What you will do:
Beginning with the line that holds "this 1600×1066 image.", set down each line of the data below through the very last, exactly as given, and nothing beyond that.

BEGIN Records

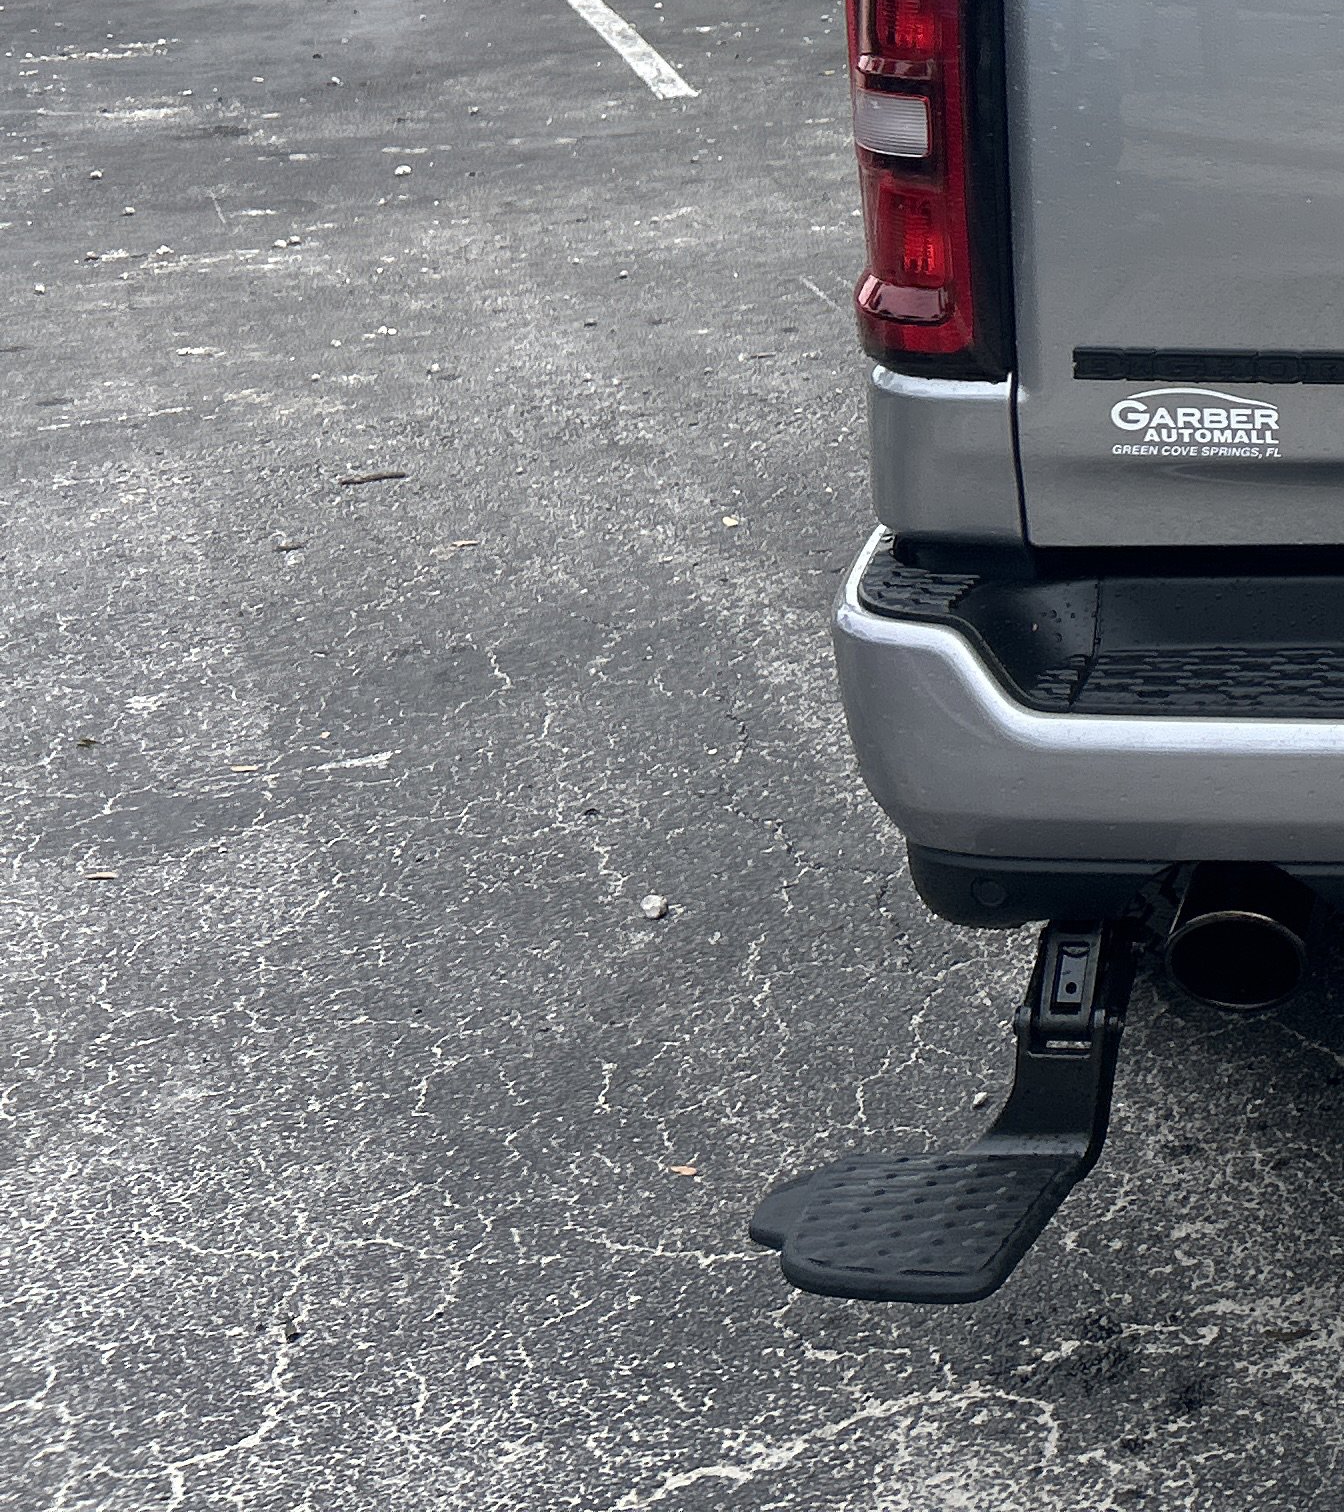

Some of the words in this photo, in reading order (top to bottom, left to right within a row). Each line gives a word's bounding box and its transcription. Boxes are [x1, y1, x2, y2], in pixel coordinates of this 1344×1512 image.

[1111, 399, 1280, 431] GARBER
[1143, 428, 1280, 444] AUTOMALL
[1112, 444, 1158, 456] GREEN
[1161, 445, 1199, 457] COVE
[1201, 446, 1263, 459] SPRINGS,
[1265, 447, 1282, 458] FL
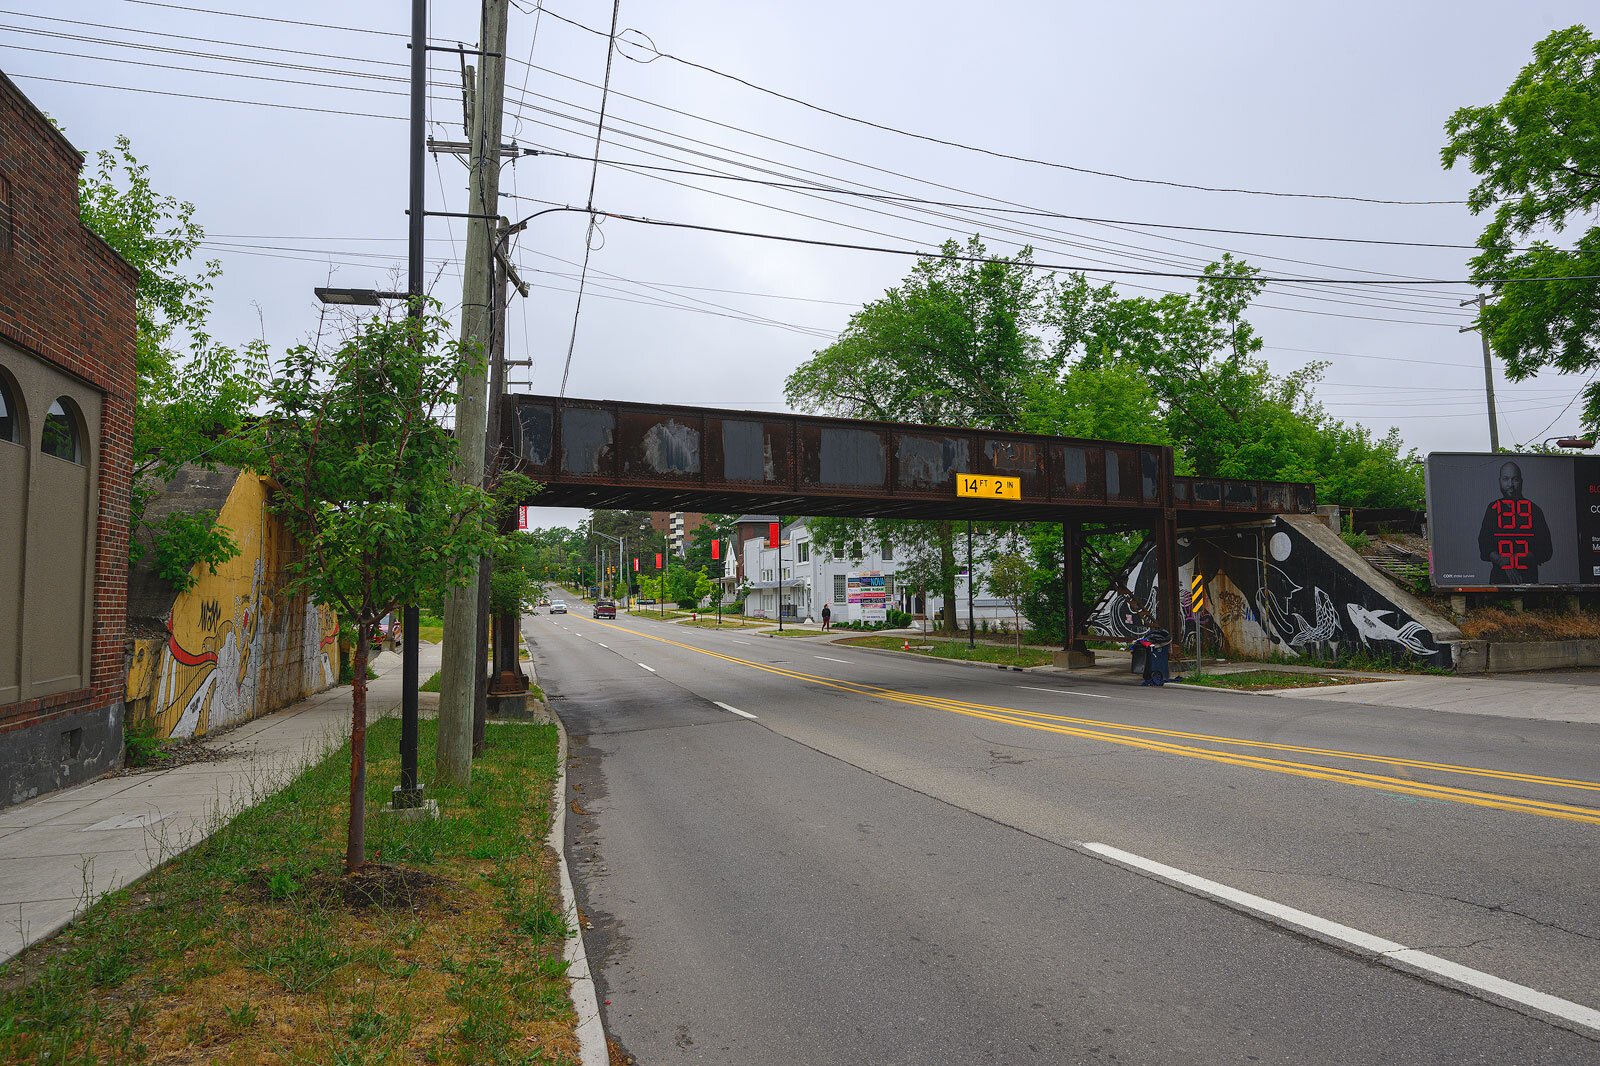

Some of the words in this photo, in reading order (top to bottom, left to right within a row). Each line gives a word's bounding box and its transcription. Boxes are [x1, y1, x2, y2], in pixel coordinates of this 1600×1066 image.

[964, 479, 978, 493] 14
[994, 480, 1003, 494] 2
[1006, 481, 1014, 489] IN
[1491, 499, 1533, 530] 139
[1497, 539, 1529, 570] 92
[870, 577, 885, 586] NOVA

END Records

Answer to the exercise:
Some of the words in this photo, in reading order (top to bottom, left to right within a row). Each line gives a word's bounding box and its transcription. Boxes are [x1, y1, x2, y2], in pixel coordinates of this 1600×1066 image.

[964, 479, 978, 493] 14
[994, 480, 1003, 494] 2
[1006, 481, 1014, 489] IN
[1491, 499, 1533, 530] 139
[1497, 539, 1529, 570] 92
[870, 577, 885, 586] NOVA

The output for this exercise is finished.